# Lab 03: Linear and logistic regressions

The goal of this lab is to explore linear and logistic regression, implement them yourself and learn to use their respective scikit-learn implementation.

Let us start by loading some of the usual librairies

import pandas as pd
%pylab inline

1. Linear regression

We will now implement a linear regression, first using the closed form solution, and second with our gradient descent.

1.1 Linear regression data

Our first data set regards the quality ratings of a white vinho verde. Each wine is described by a number of physico-chemical descriptors such as acidity, sulfur dioxide content, density or pH.

# load the regression task data
wine_data = pd.read_csv('data/winequality-white.csv', sep=";")
wine_data.head(5)

# Load the data into X and y data arrays
X_regr = wine_data.drop(['quality'], axis=1).values
y_regr = wine_data['quality'].values

# Standardize the data
from sklearn import preprocessing
sc = preprocessing.StandardScaler()
sc.fit(X_regr)
X_regr = sc.transform(X_regr)

1.2 Cross-validation

Let us create a cross-validation utility function (similar to what we have done in Lab 3, but for regression).

# set up folds for cross_validation
from sklearn import model_selection
folds_regr = model_selection.KFold(n_splits=10, shuffle=True)

def cross_validate_regr(design_matrix, labels, regressor, cv_folds):
    """ Perform a cross-validation and returns the predictions.
    
    Parameters:
    -----------
    design_matrix: (n_samples, n_features) np.array
        Design matrix for the experiment.
    labels: (n_samples, ) np.array
        Vector of labels.
    regressor:  Regressor instance; must have the following methods:
        - fit(X, y) to train the regressor on the data X, y
        - predict(X) to apply the trained regressor to the data X and return estimates 
    cv_folds: sklearn cross-validation object
        Cross-validation iterator.
        
    Returns:
    -------
    pred: (n_samples, ) np.array
        Vectors of predictions (same order as labels).
    """
    pred = np.zeros(labels.shape)
    for tr, te in cv_folds:
        regressor.fit(design_matrix[tr,:], labels[tr])
        pred[te] = (regressor.predict(design_matrix[te,:]))
    return pred

1.3 Linear regression with scikit-learn

Question Cross-validate scikit-learn's linear_model.LinearRegression on your data.

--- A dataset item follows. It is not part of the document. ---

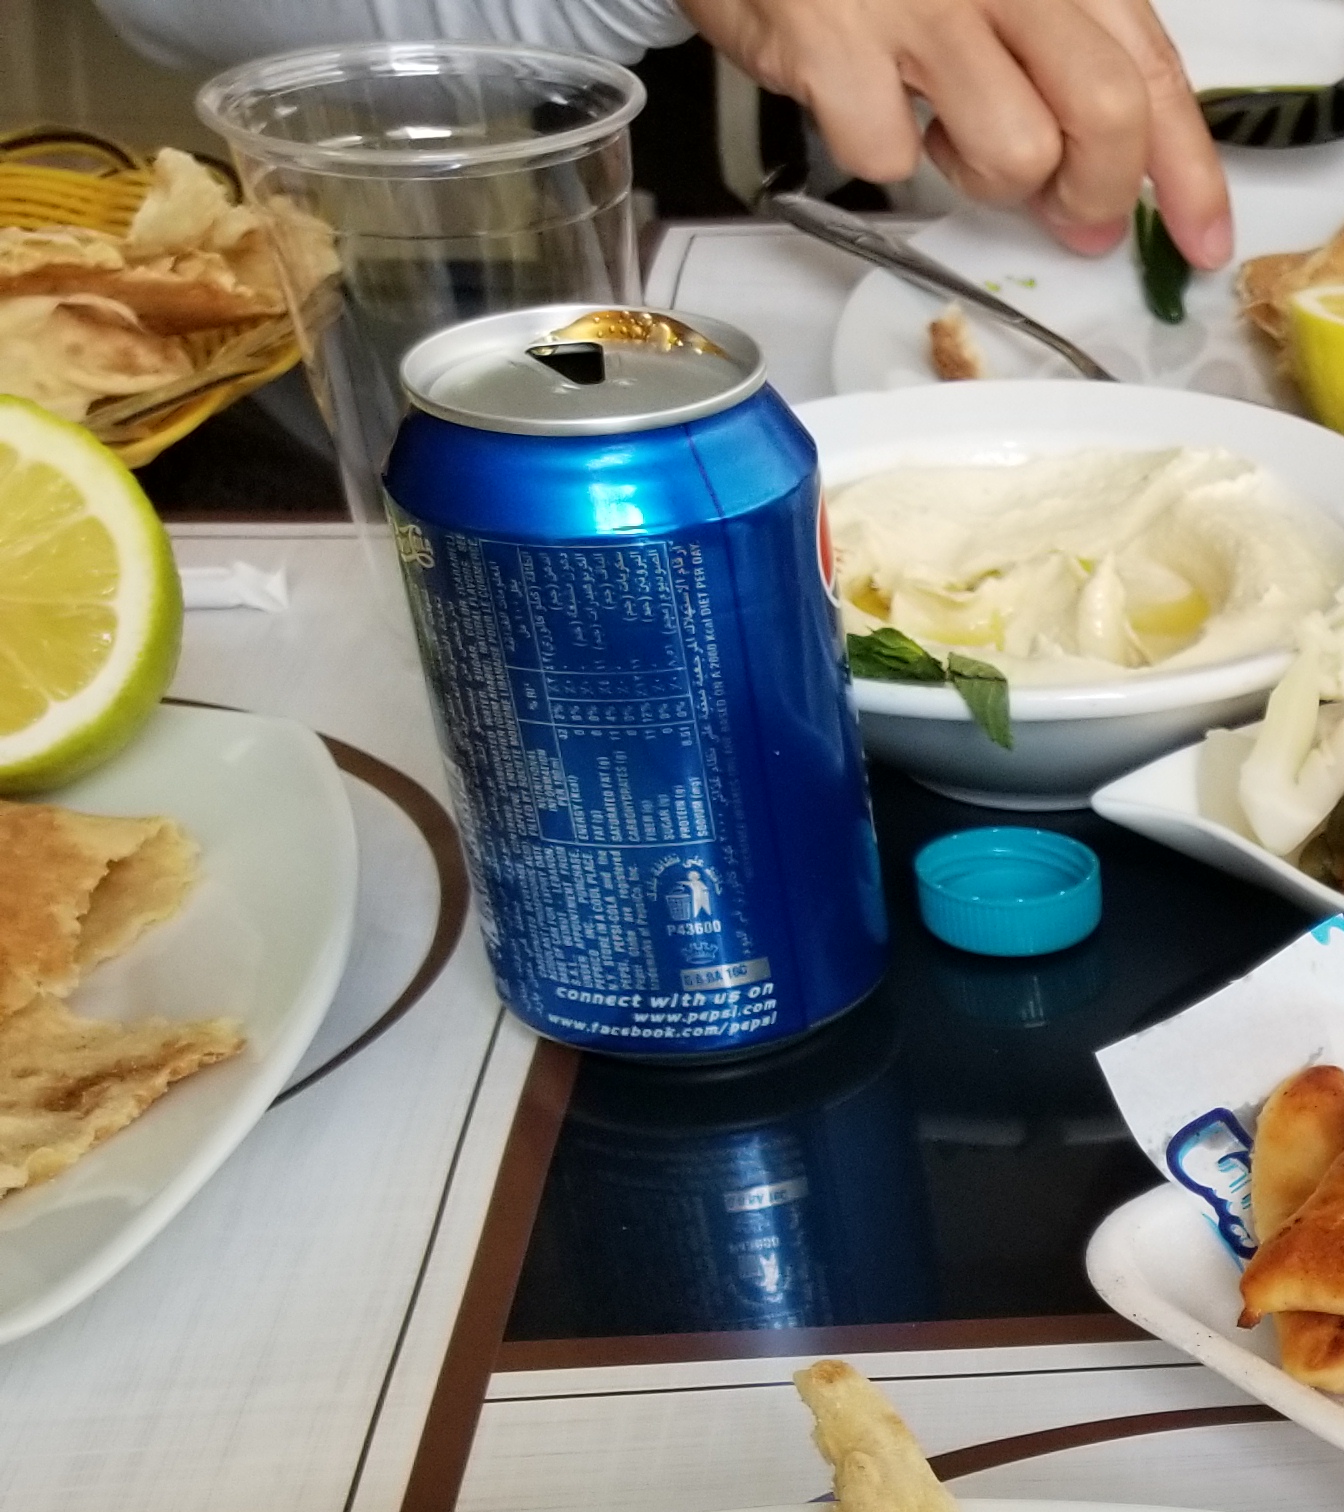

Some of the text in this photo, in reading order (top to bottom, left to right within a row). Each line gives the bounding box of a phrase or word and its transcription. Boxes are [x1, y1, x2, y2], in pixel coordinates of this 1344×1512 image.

from sklearn import linear_model

# Initialize a LinearRegression model
regr = # TODO

# Cross-validate it
pred = # TODO

from sklearn import metrics
print("Mean squared error: %.3f" % metrics.mean_squared_error(y_regr, pred))

2. Logistic regression

We will now implement a linear regression, first using the closed form solution, and second with our gradient descent.

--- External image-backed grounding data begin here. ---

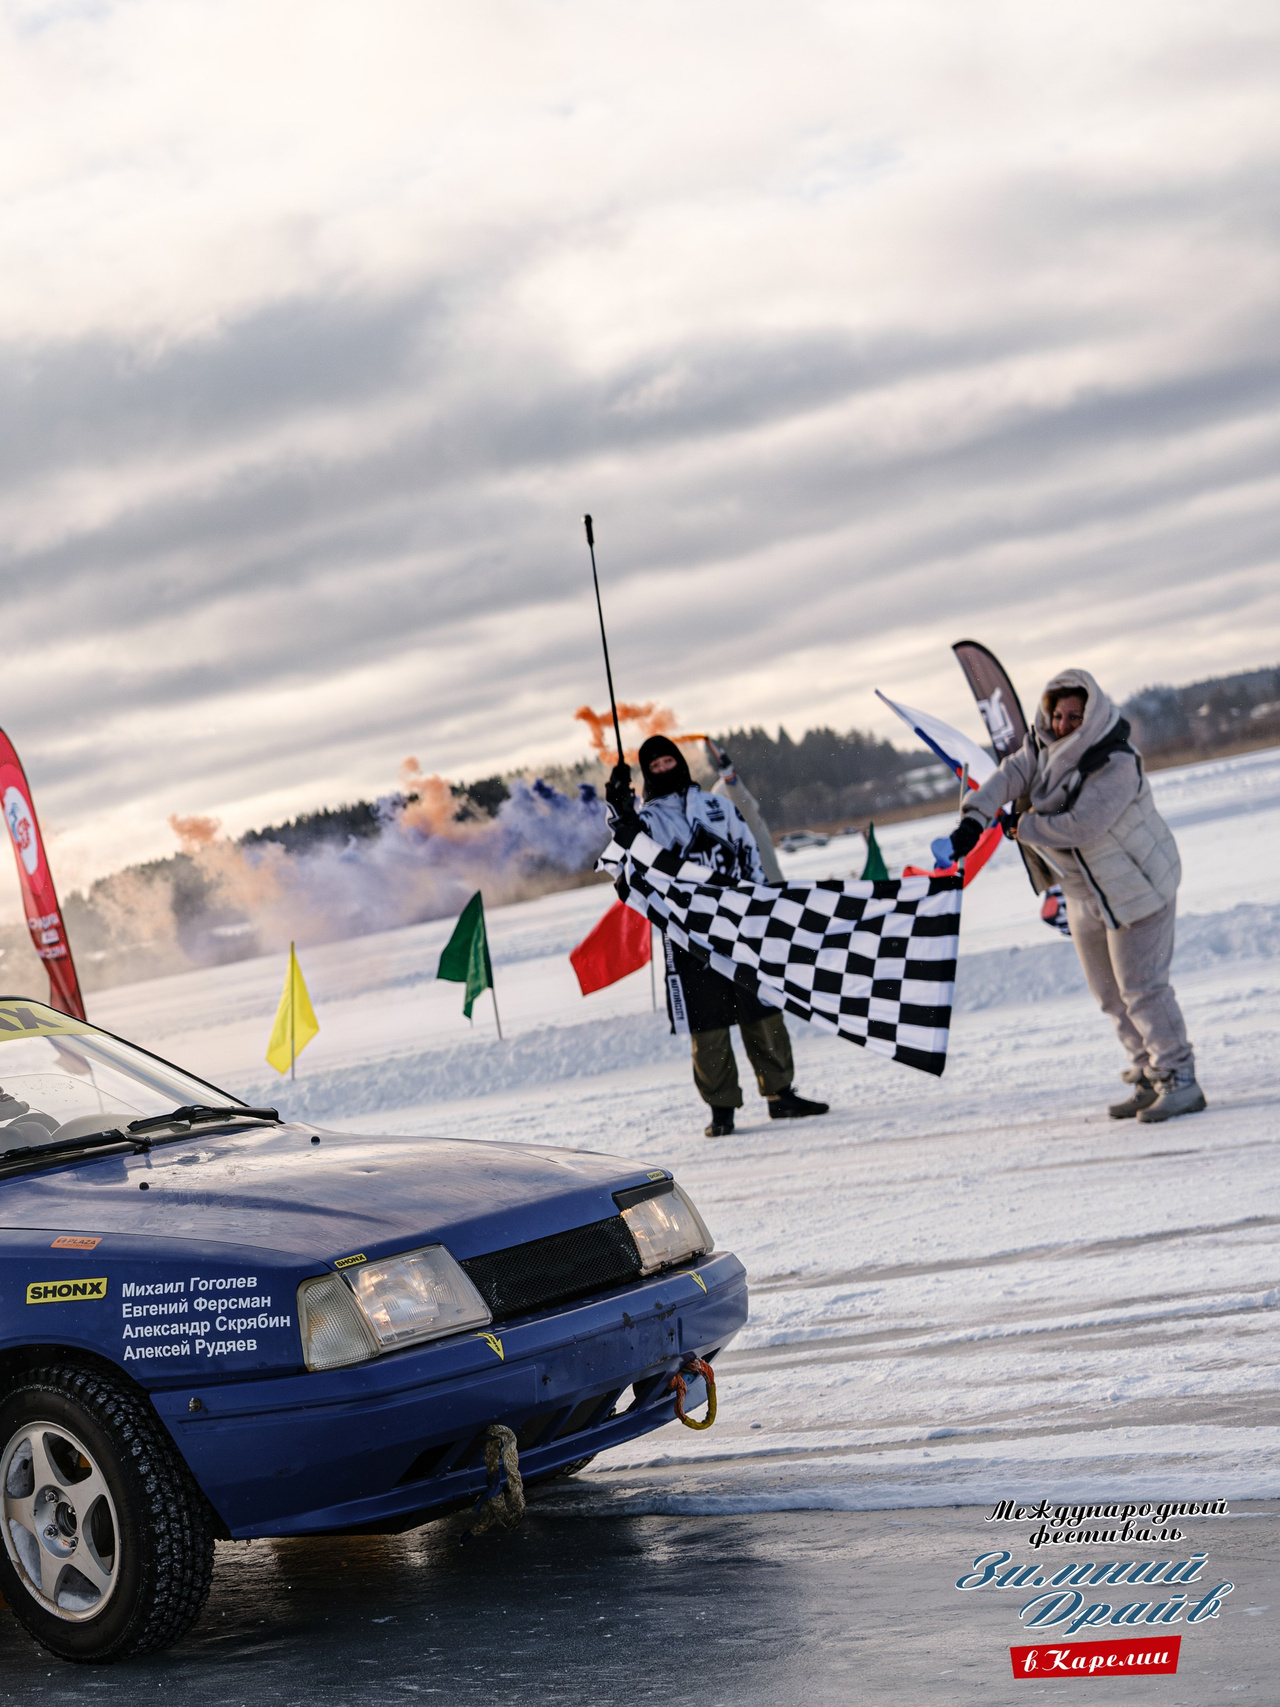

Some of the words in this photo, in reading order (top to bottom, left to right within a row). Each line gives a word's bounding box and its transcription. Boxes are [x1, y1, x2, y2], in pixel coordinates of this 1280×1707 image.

[336, 1254, 366, 1267] SHONX
[30, 1282, 103, 1299] SHONX
[122, 1281, 185, 1298] Михаил
[189, 1276, 258, 1292] Гоголев
[122, 1298, 189, 1319] Евгений
[193, 1296, 271, 1313] Ферсман
[122, 1320, 211, 1339] Александр
[215, 1313, 291, 1334] Скрябин
[123, 1340, 191, 1361] Алексей
[195, 1339, 258, 1357] Рудяев

2.1 Logistic regression data

Our second data set comes from the world of bioinformatics. In this data set, each observation is a tumor, and it is described by the expression of 3,000 genes. The expression of a gene is a measure of how much of that gene is present in the biological sample. Because this affects how much of the protein this gene codes for is produced, and because proteins dictacte what cells can do, gene expression gives us valuable information about the tumor. In particular, the expression of the same gene in the same individual is different in different tissues (although the DNA is the same): this is why blood cells look different from skin cells. In our data set, there are two types of tumors: breast tumors and ovary tumors. Let us see if gene expression can be used to separate them!

# Load the classification task data
breast_data = pd.read_csv('data/small_Breast_Ovary.csv')

# Drop the 'Tissue' column to create the design matrix
X_clf = np.array(breast_data.drop(['Tissue', 'ID_REF'], axis=1).values)

# Use the 'Tissue' column to create the labels (0=Breast, 1=Ovary)
y_clf = np.array(breast_data['Tissue'].values)
y_clf[np.where(y_clf == 'Breast')] = 0
y_clf[np.where(y_clf == 'Ovary')] = 1
y_clf = y_clf.astype(np.int)

#sc = preprocessing.StandardScaler()
#sc.fit(X_clf)
#X_clf = sc.transform(X_clf)

Question: How many samples do we have? How many belong to each class? How many features do we have?

# TODO

2.2 Cross-validation

Let us create a cross-validation utility function (similar to what we have done in Lab 3).

# Set up folds for cross_validation
from sklearn import model_selection
folds_clf = model_selection.StratifiedKFold(n_splits=10, shuffle=True)

def cross_validate_clf(design_matrix, labels, classifier, cv_folds):
    """ Perform a cross-validation and returns the predictions.
    
    Parameters:
    -----------
    design_matrix: (n_samples, n_features) np.array
        Design matrix for the experiment.
    labels: (n_samples, ) np.array
        Vector of labels.
    classifier:  sklearn classifier object
        Classifier instance; must have the following methods:
        - fit(X, y) to train the classifier on the data X, y
        - predict_proba(X) to apply the trained classifier to the data X and return probability estimates 
    cv_folds: sklearn cross-validation object
        Cross-validation iterator.
        
    Return:
    -------
    pred: (n_samples, ) np.array
        Vectors of predictions (same order as labels).
    """
    pred = np.zeros(labels.shape)
    for tr, te in cv_folds:
        classifier.fit(design_matrix[tr,:], labels[tr])
        pred[te] = classifier.predict_proba(design_matrix[te,:])[:,1]
    return pred

2.3 Logistic regression with scikit-learn

Question Cross-validate scikit-learn's linear_model.LogisticRegression on your data.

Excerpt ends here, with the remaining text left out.